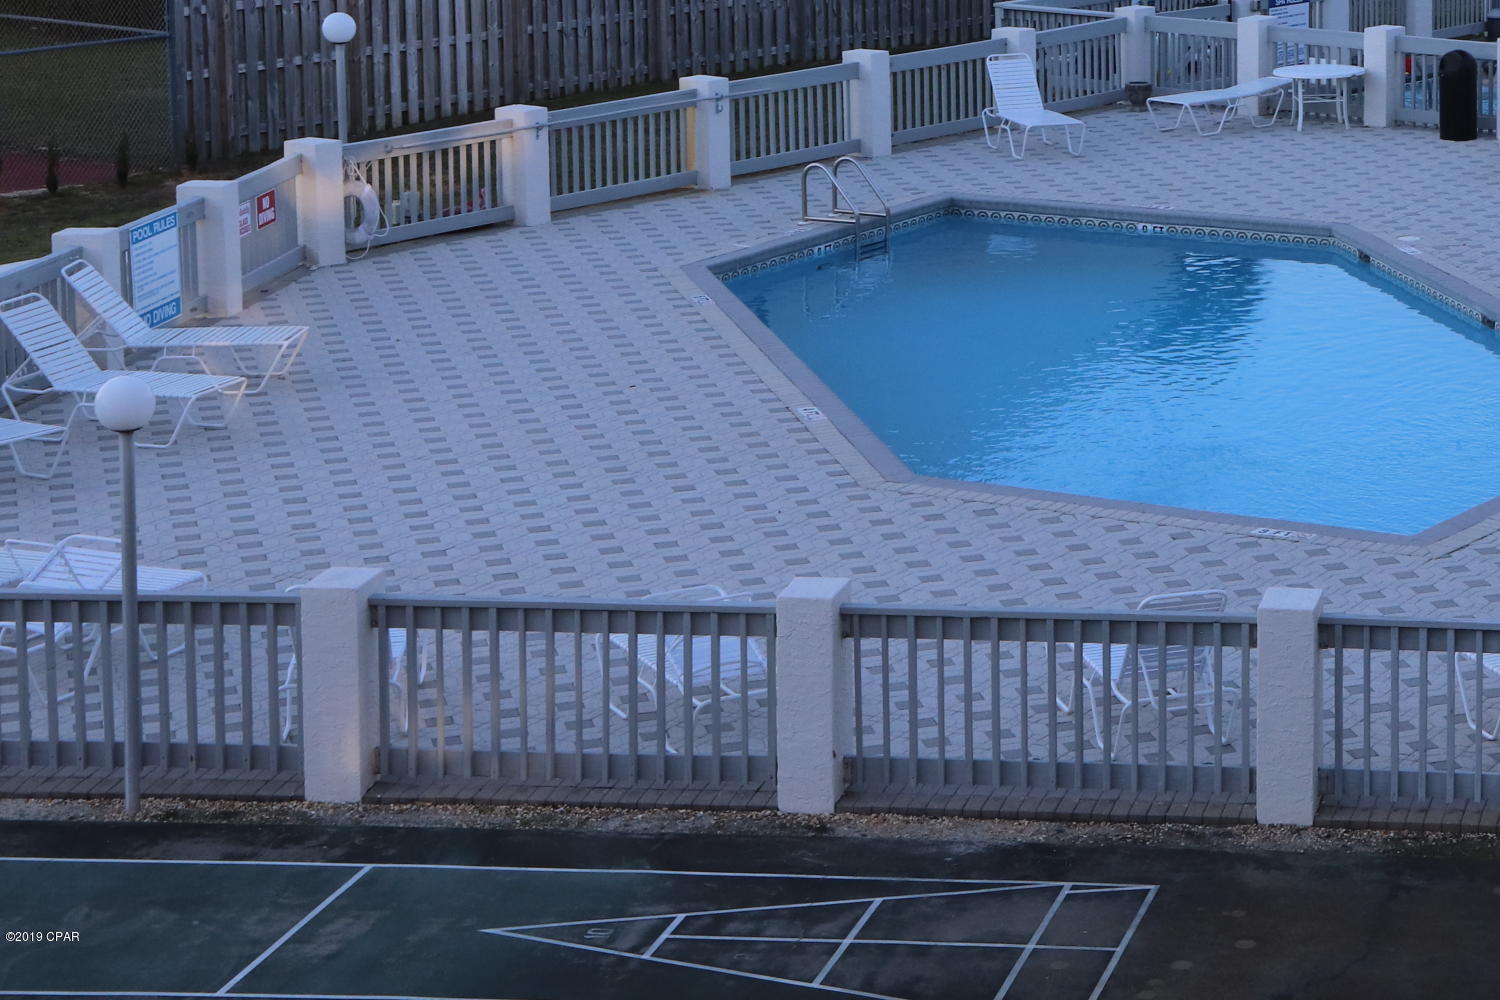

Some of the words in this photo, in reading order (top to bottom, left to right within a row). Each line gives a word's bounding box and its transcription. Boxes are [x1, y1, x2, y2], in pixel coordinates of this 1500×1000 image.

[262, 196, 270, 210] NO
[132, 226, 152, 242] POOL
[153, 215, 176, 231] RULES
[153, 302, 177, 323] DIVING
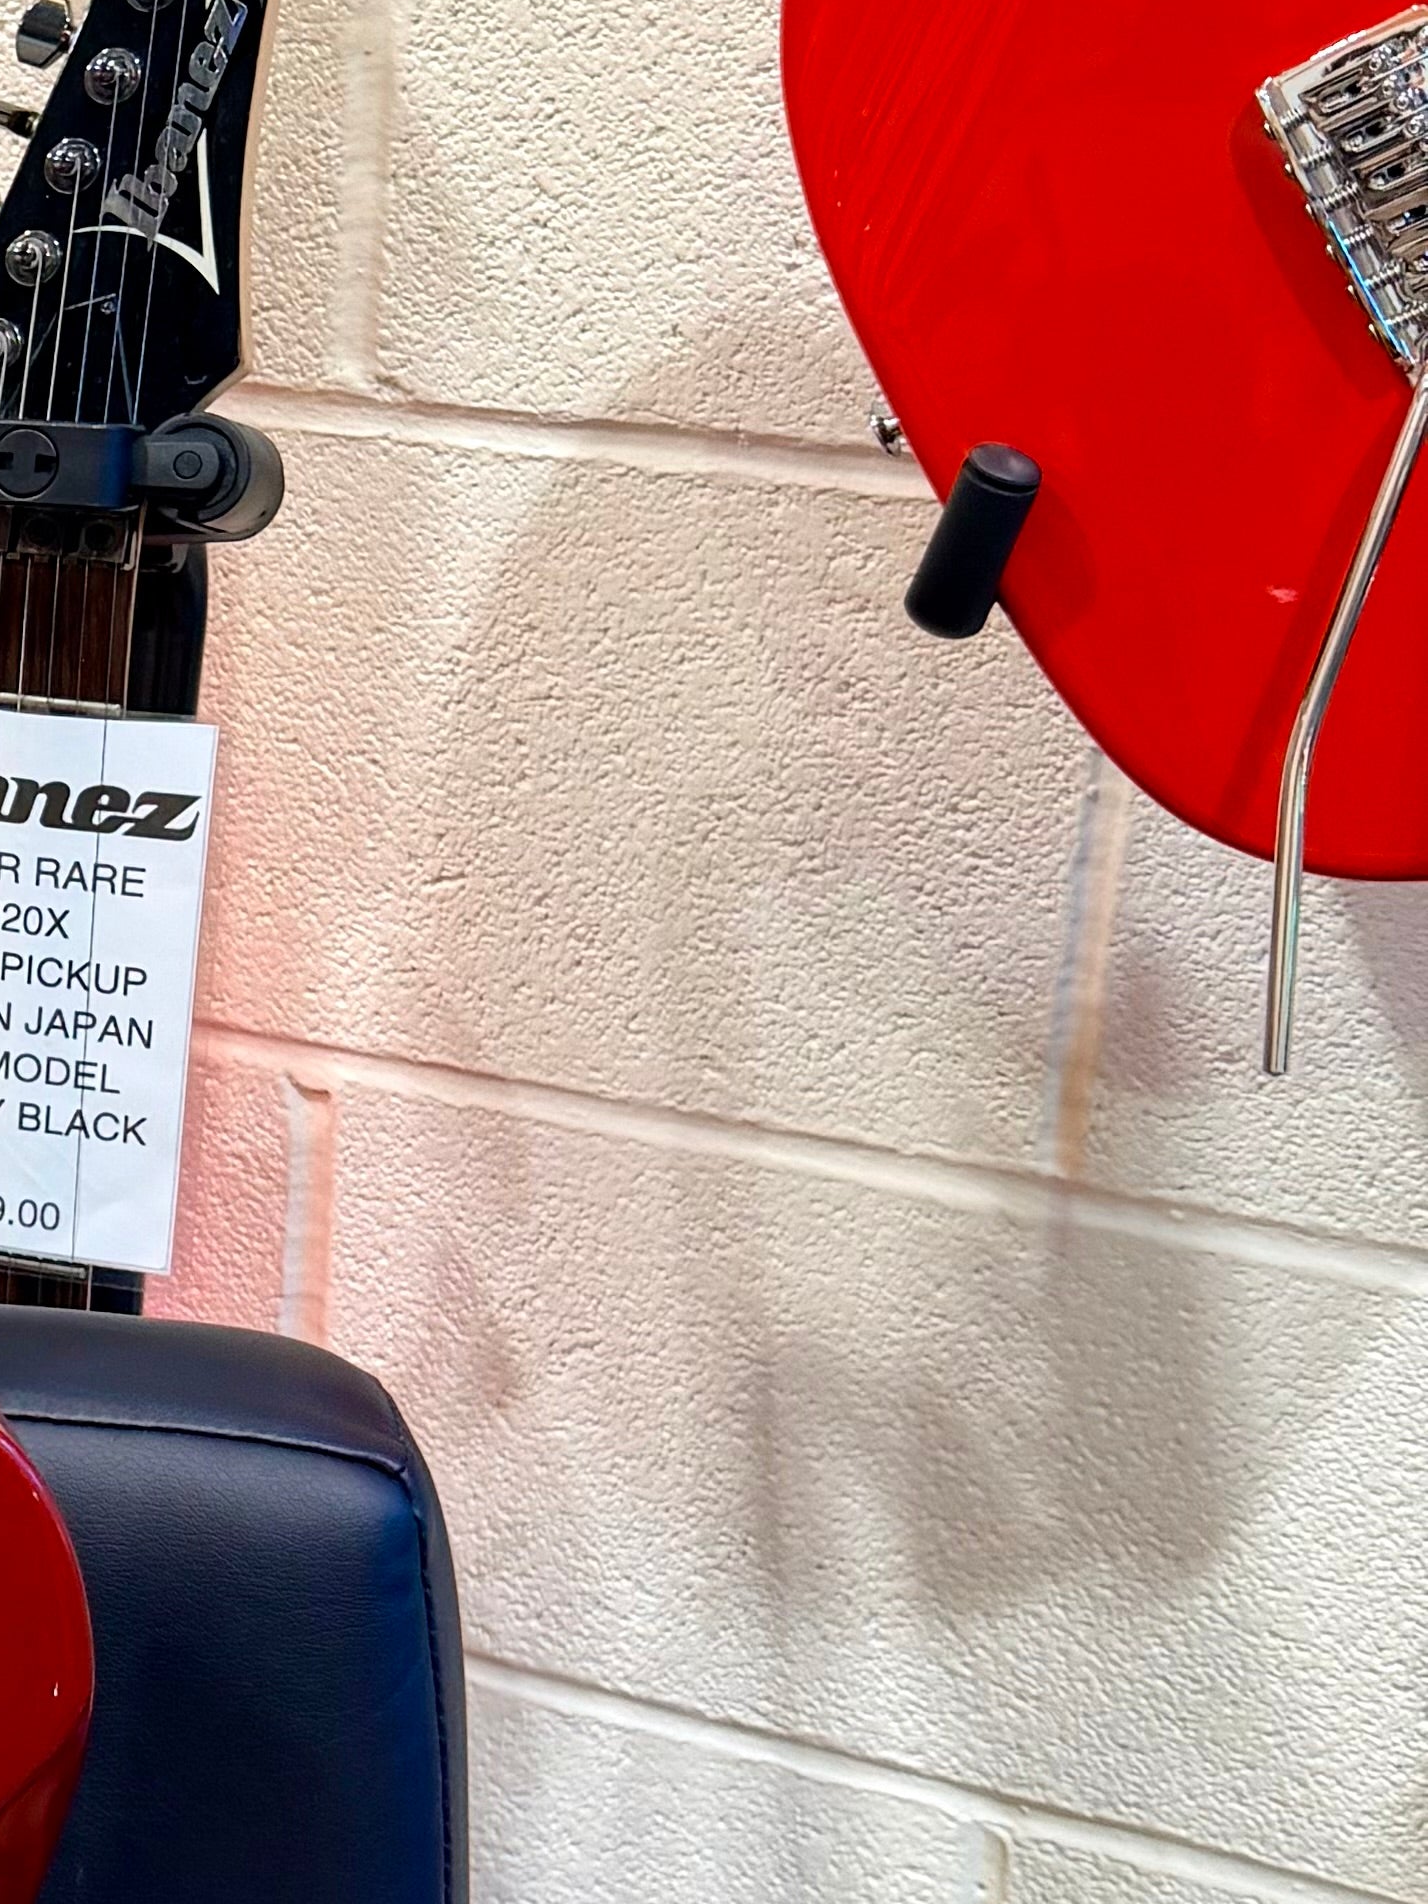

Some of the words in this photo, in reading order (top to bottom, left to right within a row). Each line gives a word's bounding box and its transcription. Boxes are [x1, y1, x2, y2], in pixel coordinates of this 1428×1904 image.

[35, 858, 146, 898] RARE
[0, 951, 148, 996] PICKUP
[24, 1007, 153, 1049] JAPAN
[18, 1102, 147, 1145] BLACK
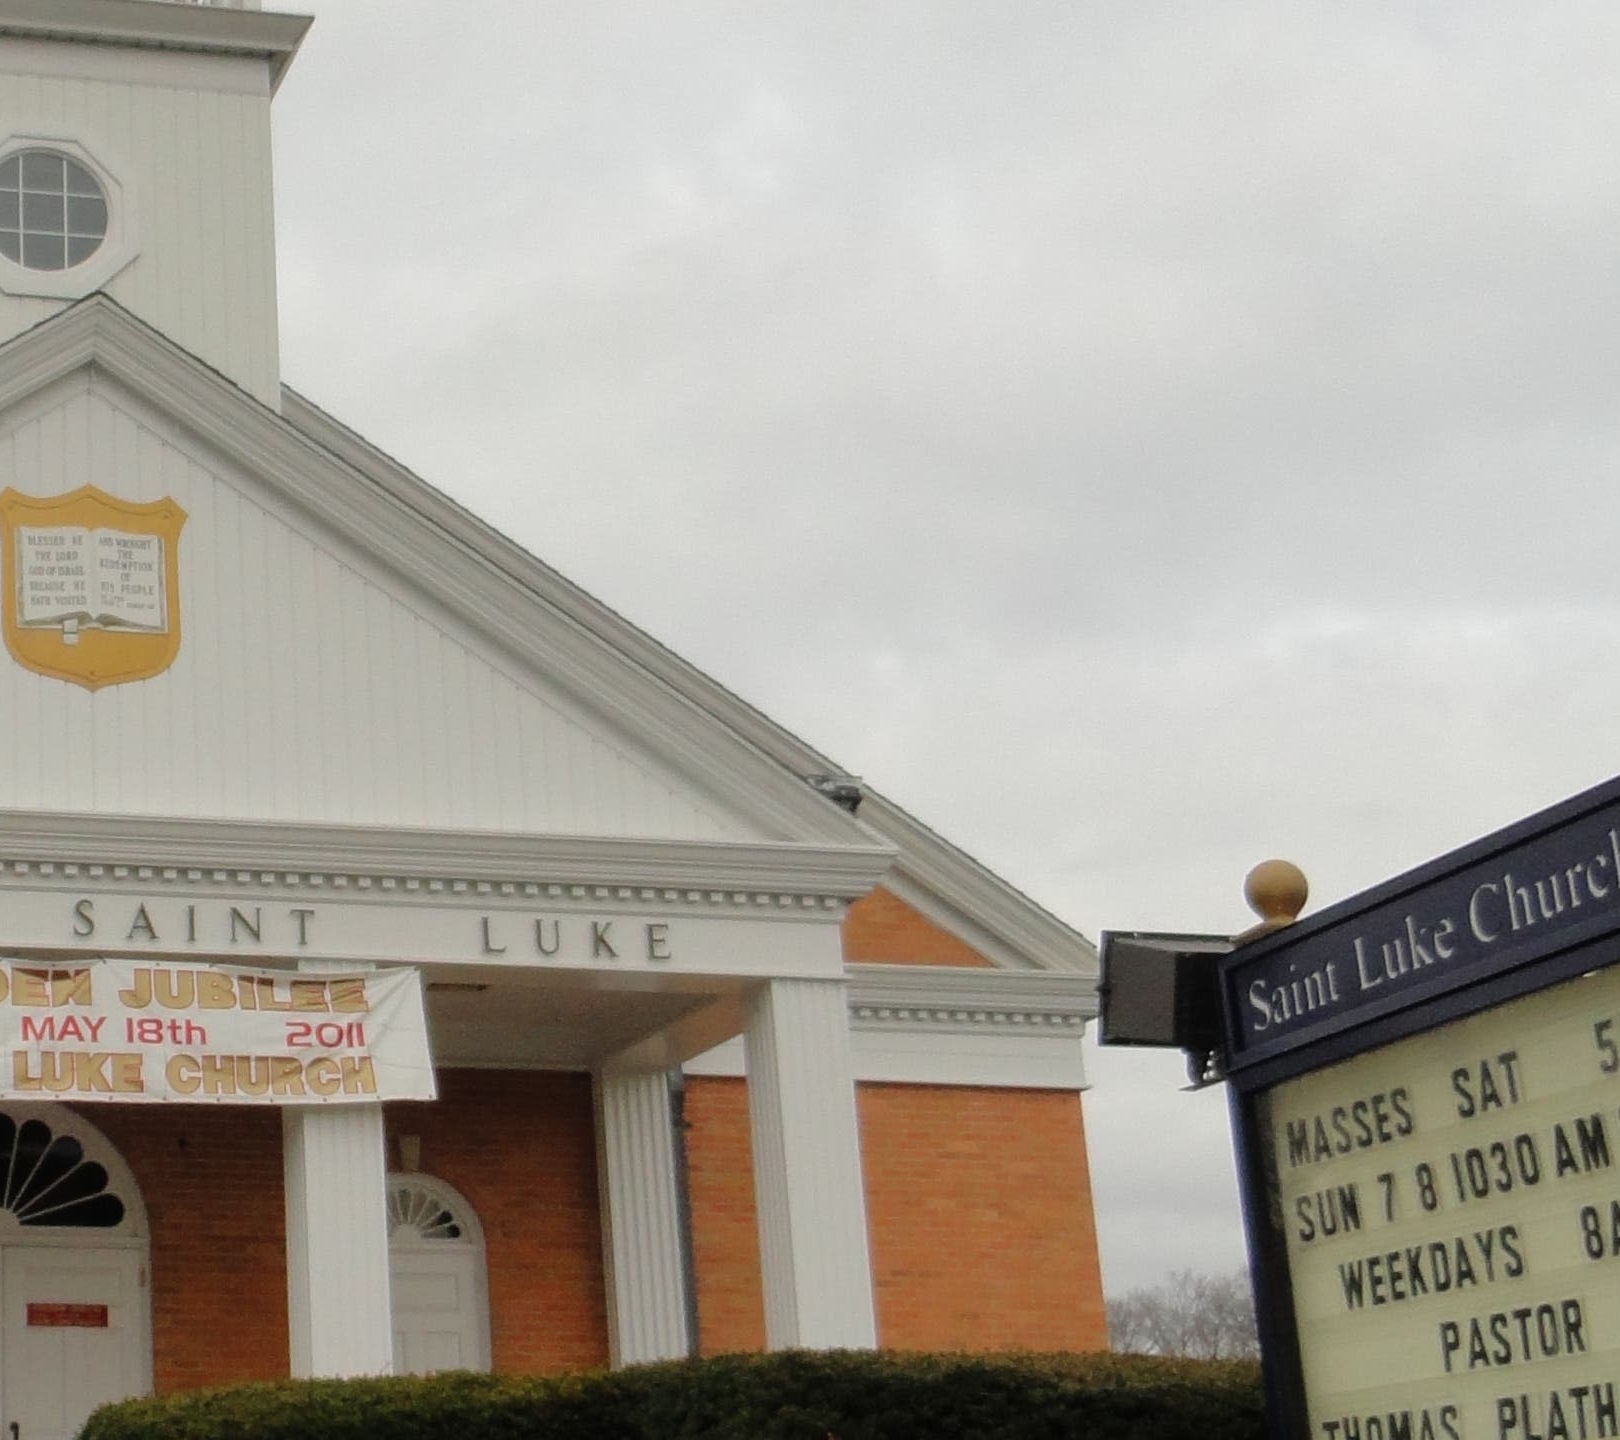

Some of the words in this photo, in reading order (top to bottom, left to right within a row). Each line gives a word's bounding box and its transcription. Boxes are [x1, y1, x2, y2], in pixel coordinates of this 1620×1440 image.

==*==

| What the task asks |
Strip the images and reproduce the remaining records precisely.

| Response box |
Some of the words in this photo, in reading order (top to bottom, left to right within a row). Each line gives a word's bounding box and its transcription. Boxes are [x1, y1, x2, y2], in pixel coordinates of this 1500×1000 image.

[262, 196, 270, 210] NO
[132, 226, 152, 242] POOL
[153, 215, 176, 231] RULES
[153, 302, 177, 323] DIVING

Some of the words in this photo, in reading order (top to bottom, left to right within a row). Each line gives a word's bounding box and its transcription. Boxes are [x1, y1, x2, y2], in pixel coordinates of this 1428×1904 image.

[35, 858, 146, 898] RARE
[0, 951, 148, 996] PICKUP
[24, 1007, 153, 1049] JAPAN
[18, 1102, 147, 1145] BLACK

Some of the words in this photo, in reading order (top to bottom, left to right within a row). Each line gives a word's bounding box and its transcription. Boxes are [x1, y1, x2, y2], in pixel coordinates of this 1620×1440 image.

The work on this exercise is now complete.